3-5-3-5 (occasionally 3-5-3)
An easy way to remember the basic components of Scrum.
Scrum has 3 Roles: Product Owner, Scrum Master, Developers.
Scrum has 5 Events: Sprint Planning, Sprint, Daily Scrum, Sprint Review, and Sprint Retrospective.
Scrum has 3 Artifacts: Product Backlog, Sprint Backlog, and Product Increment.
Scrum has 5 Core Values: Courage, Focus, Commitment, Respect, and Openness.


16
th Minute
(Parking Lot) 

An unofficial extension of a meeting that often follows The Daily Scrum. The members of the Scrum Team that are required to reach the resolution can discuss in-depth issues, impediments, or topics that go beyond the scope of the Daily Scrum.

A

Adaptation

One of the three Scrum Pillars. After inspection, if one or more aspects of a product deviates outside of the acceptable limits, the resulting product will be unacceptable. The work must be adjusted.

Acceptance Criteria

A term used to describe what needs to be done for the Product Backlog Item (PBI) to be considered complete.
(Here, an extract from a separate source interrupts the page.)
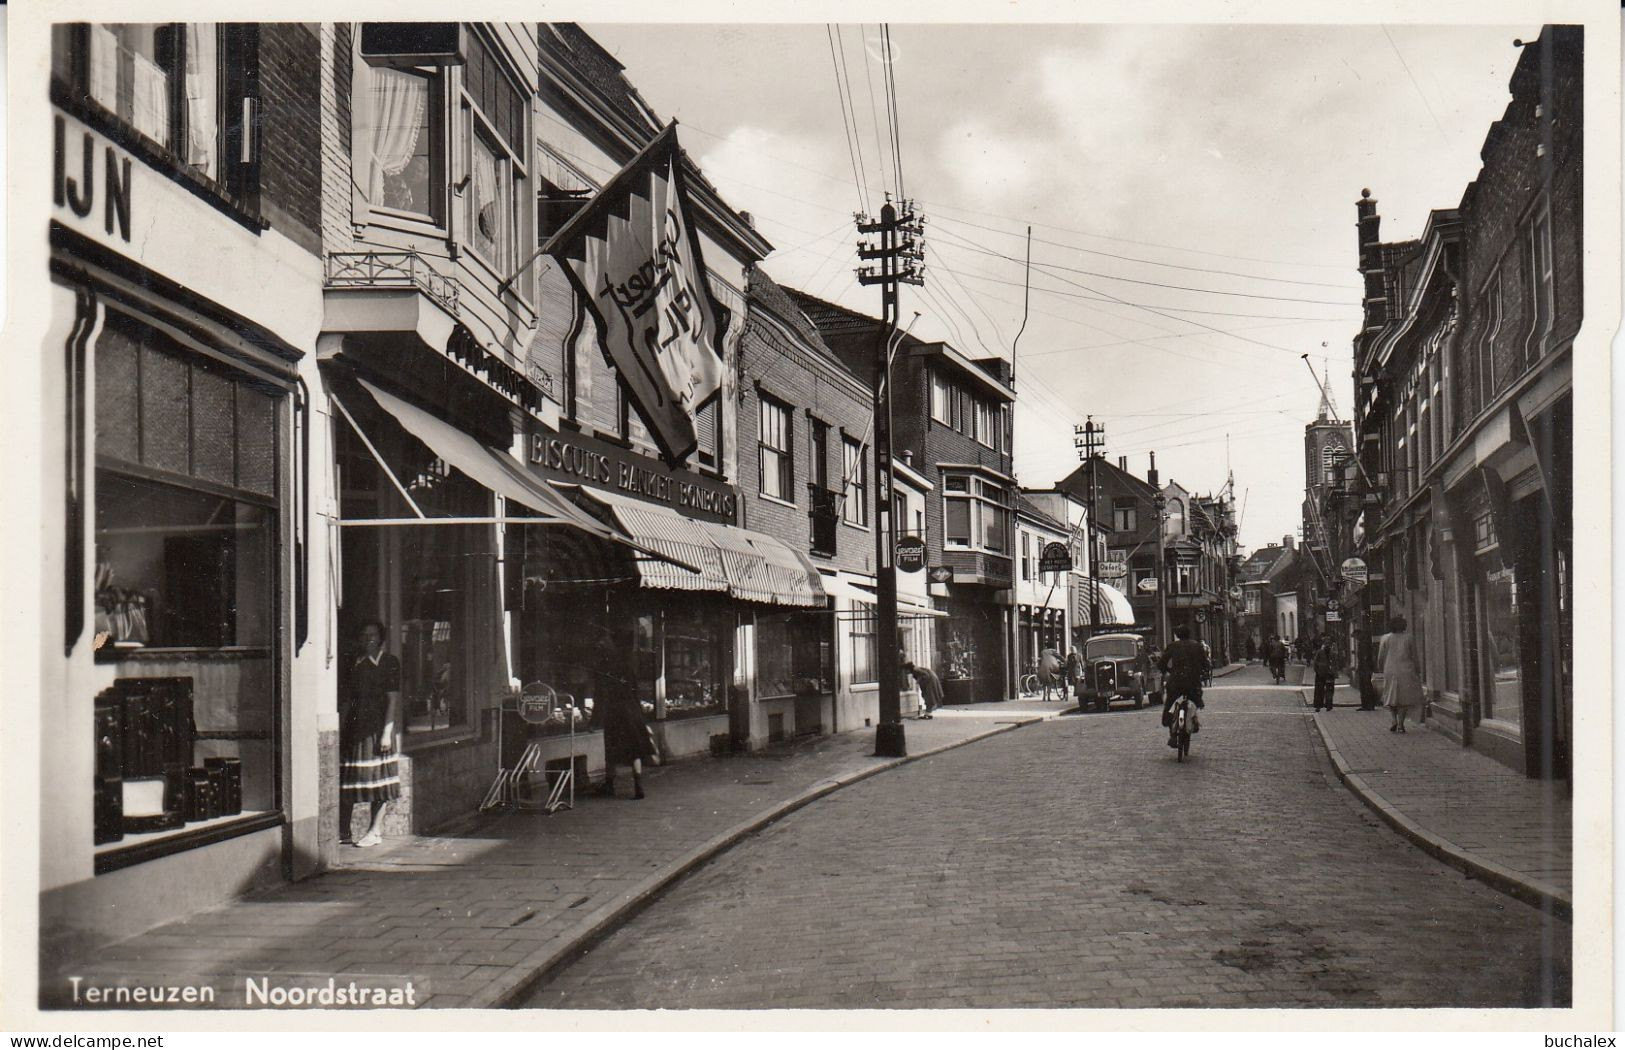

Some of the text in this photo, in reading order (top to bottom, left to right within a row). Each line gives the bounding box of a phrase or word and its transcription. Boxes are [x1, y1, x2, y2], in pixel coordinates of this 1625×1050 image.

[54, 114, 132, 243] IJN
[530, 432, 733, 517] BISCUITS BANKET BONBONS
This helps teams estimate, test, and accomplish their work.

Artifacts

Items which represent work or value.

B


Backlog

An ordered and prioritized list of work, created by the Product Owner (PO), to be done by the Scrum Team.

Backlog Item
An item that represents a piece of work to be done by the Scrum Team.

Backlog Refinement
The ongoing process of estimating, adding detail, and ordering items in the Backlog. Backlog Items can be updated any time at the Product Owner’s discretion.

Buffer

A pattern for allowing emergent work or interrupts to be brought into the Sprint and worked on as it comes in. The Scrum Team sets an amount of story points or capacity to a buffer based on Yesterday’s Weather.

C

Cross-Functional Team

A team with all the competencies needed to accomplish work they are given without outside help. A cross-functional team is proven to be more flexible and productive than a team that specializes in only one of the competencies needed to get the work done.

Commitment

One of the five Scrum Values. People personally commit to achieving the goals of the Scrum Team.

Courage

One of the five Scrum Values. The Scrum Team members have the courage to do the right thing and work on tough problems.

D

Daily Scrum

One of the 5 Scrum Events. This meeting has a timebox of fifteen minutes and happens every workday at the same appointed time and place. The information needed to assess progress is presented, and any impediments are noted. 

Dependency Board

A visualization of any dependencies, collaborations and events that will impact the teams during the Sprint. It provides a way to manage the flow of work within a Scrum of Scrums and should be reviewed and updated daily.

Definition of Done

A term that represents the organization’s formal definition of quality for all Product Backlog Items (PBIs). If an organization does not have one, the Scrum team should set its own.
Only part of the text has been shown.